My world is expanding as my butt is shrinking!

55 Burpees Later…

resting your body

Image courtesy of Danilo Rizzuti and

Last week, I could only do upper body workouts. With all the snow and ice on the ground, walking was out of the question. No way I was going to risk further damage to the knee by falling on by butt. No doubt the lack of exercise contributed to my foul mood last week.

Turns out, there was a slight upside to all that dang snow. My knee feels great. No pain. No morning swelling.

So I decided it was time to take my knee for a spin…literally.

Sunday morning I walked into my gym’s empty spin room. My plan was simple: Cycle for 30 minutes or so and test out different resistance levels. Only if my knee felt good would I try to stand and pedal.

It went better than expected. Pre-injury, level 8 was my top resistance level. After tearing my meniscus, I was lucky if I could do level 5 pain-free.  On Sunday, I could do level 9 without any pain or my knee emitting any strange popping sounds. So I kicked the resistance level up to 10 and decided to get out of the saddle for 5 minutes.

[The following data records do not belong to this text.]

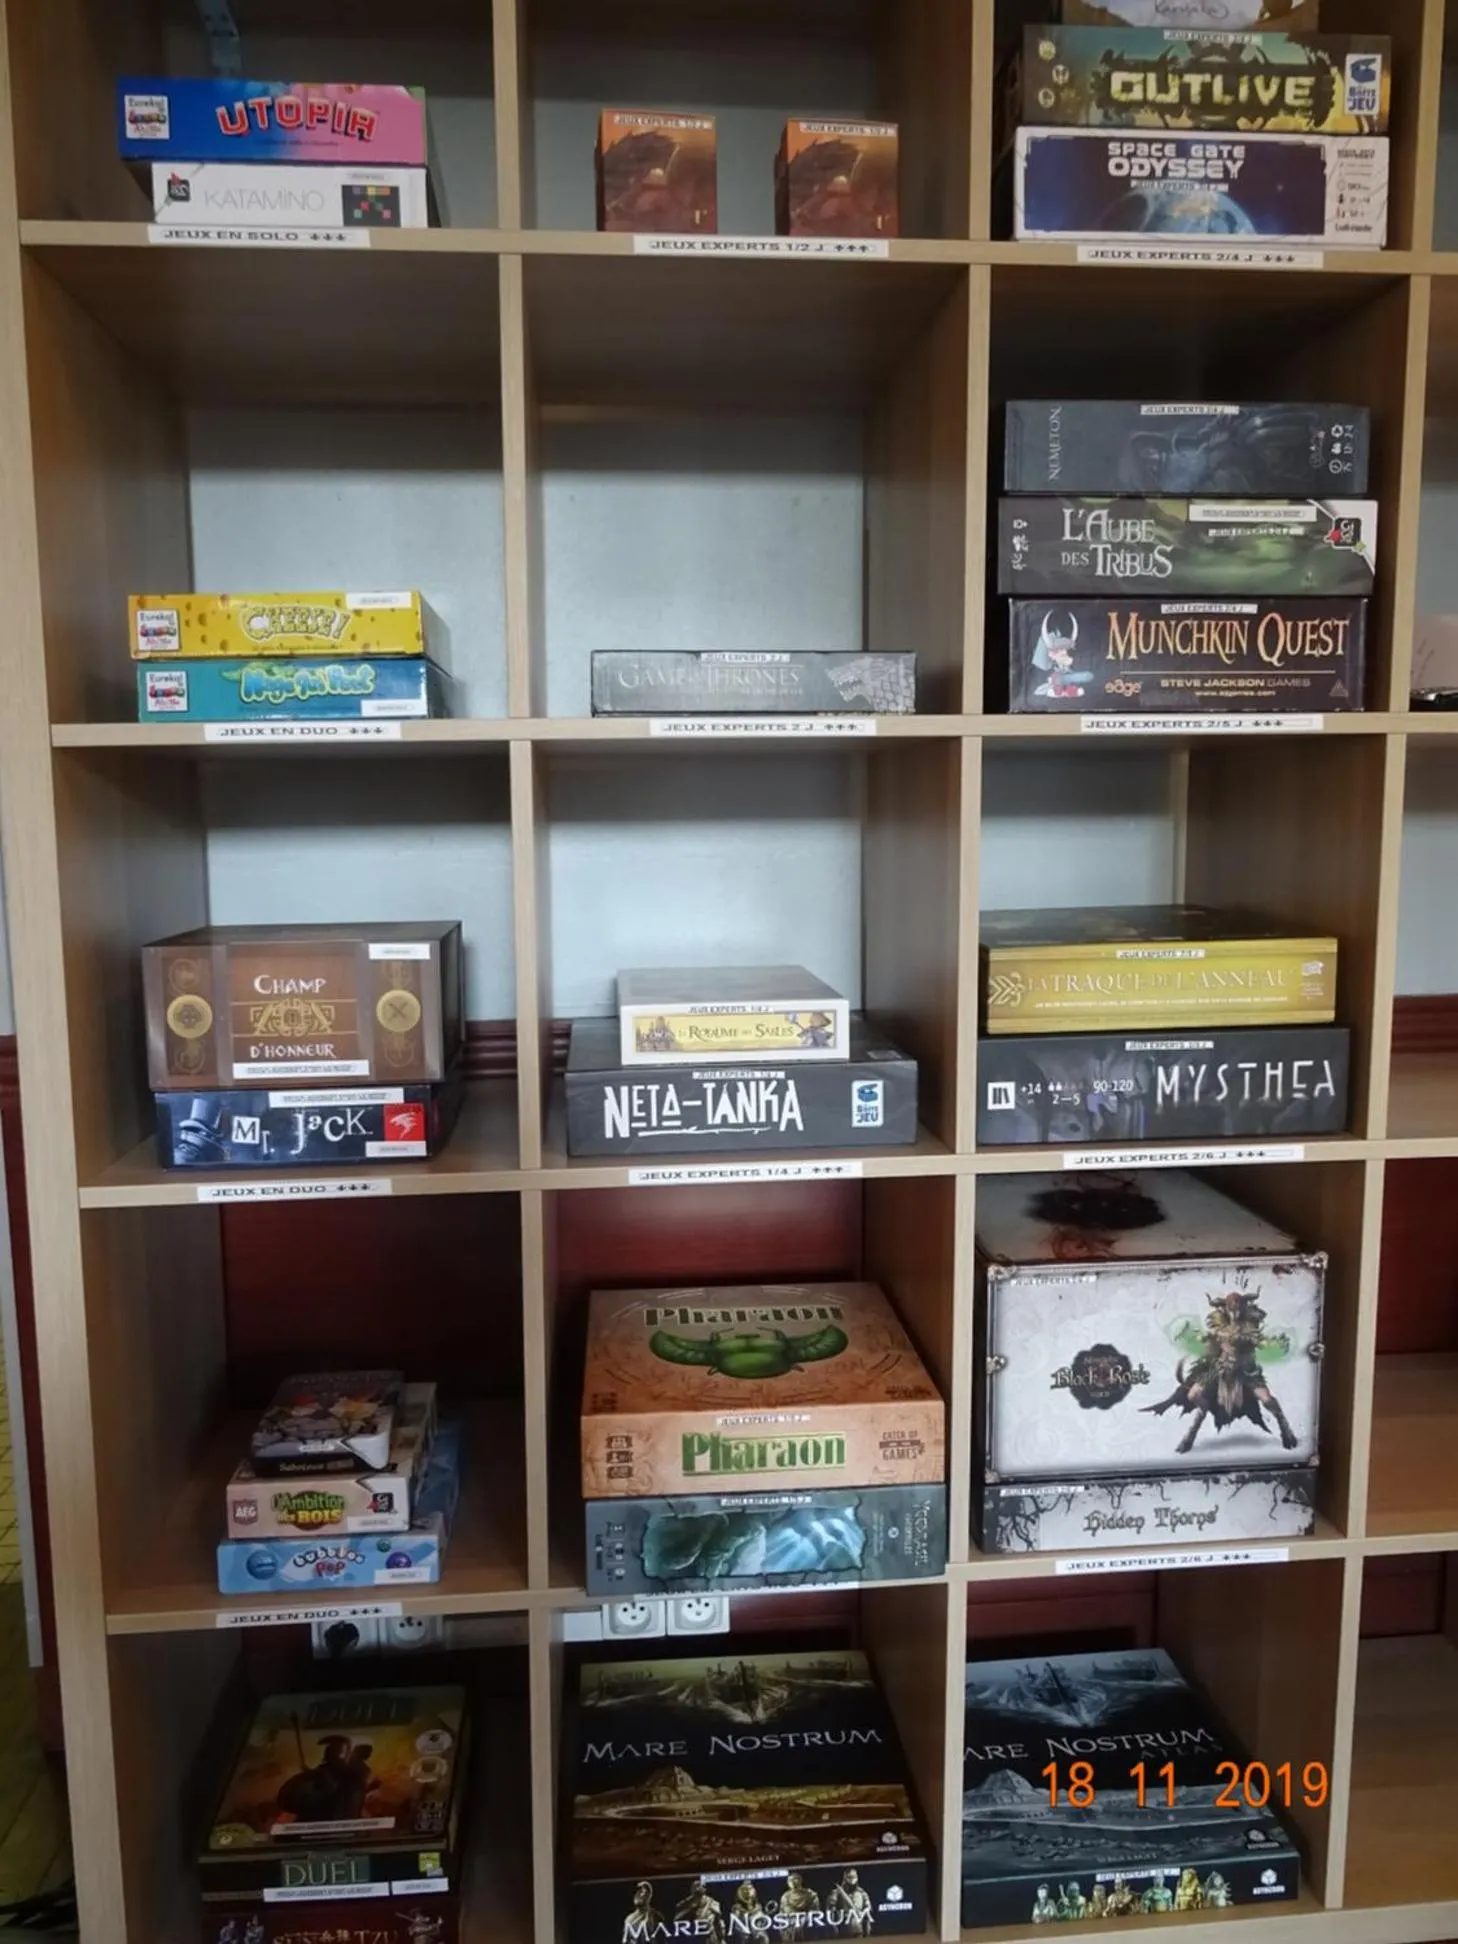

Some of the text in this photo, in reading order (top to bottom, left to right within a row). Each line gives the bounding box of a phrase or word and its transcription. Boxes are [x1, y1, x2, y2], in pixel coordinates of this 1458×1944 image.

[1110, 71, 1315, 107] OUTLIVE
[1348, 97, 1375, 111] JEU
[216, 96, 379, 143] UTOPIA
[1108, 158, 1244, 179] ODYSSEY
[204, 187, 326, 212] KATAMINO
[164, 228, 299, 241] JEUX EN SOLO
[649, 240, 824, 253] JEUX EXPERTS 1/2 J
[1088, 250, 1133, 260] JEUX
[1137, 250, 1212, 262] EXPERTS
[1048, 406, 1062, 482] NEMETON
[1062, 507, 1156, 544] L'AUBE
[1061, 545, 1173, 578] DES TRIBUS
[1106, 611, 1350, 668] MUNCHKIN QUEST
[1160, 679, 1311, 688] STEVE JACKSON GAMES
[220, 725, 338, 738] JEUX EN DUO
[663, 722, 814, 733] JEUX EXPERTS 2 J
[1084, 719, 1128, 729] JEUX
[1133, 719, 1202, 729] EXPERTS
[253, 975, 328, 996] CHAMP
[249, 1042, 338, 1060] D'HONNEUR
[1156, 1060, 1335, 1107] MYSTHEA
[603, 1080, 805, 1138] NETA-TANKA
[1074, 1154, 1115, 1164] JEUX
[1119, 1152, 1187, 1163] EXPERTS
[1193, 1151, 1215, 1162] 2/6
[639, 1170, 683, 1181] JEUX
[687, 1168, 760, 1180] EXPERTS
[768, 1167, 789, 1178] 1/4
[212, 1185, 326, 1198] JEUX EN DUO
[645, 1304, 847, 1327] Pharaon
[682, 1432, 846, 1475] Pharaon
[882, 1447, 918, 1460] GAMES
[234, 1505, 257, 1517] AEG
[297, 1508, 342, 1524] BOIS
[1084, 1509, 1147, 1536] Hidden
[1067, 1561, 1105, 1571] JEUX
[1109, 1558, 1178, 1569] EXPERTS
[230, 1609, 339, 1624] JEUX EN DUO
[583, 1728, 884, 1764] MARE NOSTRUM
[963, 1727, 1214, 1762] ARE NOSTRUM
[284, 1859, 368, 1887] DUEL
[623, 1908, 875, 1943] MARE NOSTRUM

It was a good test, and I give my knee passing grade. It wasn’t until the last 60 seconds that I started hearing and feeling a couple of pops in my knee. I quickly dropped the resistance and sat down.

I reminded myself, “I’m on the mend, not healed.”

I ended up doing 66 minutes and going 14.3 miles. As a precaution, I iced my knee when I got home, but the swelling and stiffness never appeared.

55 Burpees and Thrusters, Oh My
Before meeting with my trainer yesterday, I decided to cycle on my own for 30 minutes and stay for the first 15 minutes of a spin class.  I knew the trainer would push me (and my knee) more than I would myself. Yes, she worked me like a dog for those 15 minutes, but the results were the same as Sunday — my knee felt awesome.

I ended my 45-minute session feeling great and going 9.5 miles.

Then it was on to my trainer. If anyone could break me, she could. She had me do 10 sets of: pull-ups, push-ups, modified thrusters (minus the deep squat), and modified burpees. Seems like a lot (it was!), but my repetitions decreased by 1 each set. So I did 10 of each for my first set and 1 of each for my last set.

For about a month now, I’ve avoided squats and any form of jumping as both cause exquisite pain. Despite modifying the thrusters and burpees to take as much pressure off my knee as possible, both moves were the big test.

My knee felt completely normal throughout the workout. No pain or popping noise. About halfway through, my desire to run before I could crawl kicked into high gear. Around set 5 I tried to do a deeper squat during the thrusters. Thankfully my trainer busted me. Yes, my knee felt great, but she didn’t care (rightfully so!).

A day and 55 burpees later, I feel great.  I woke up this morning, hopped out of bed and walked (pain-free) down the stairs to let the dogs out. My knee felt fine. I don’t think this means I’m ready to do real squats just yet, but next month I’m hoping my doctor gives me the clear to start running again. Fingers crossed.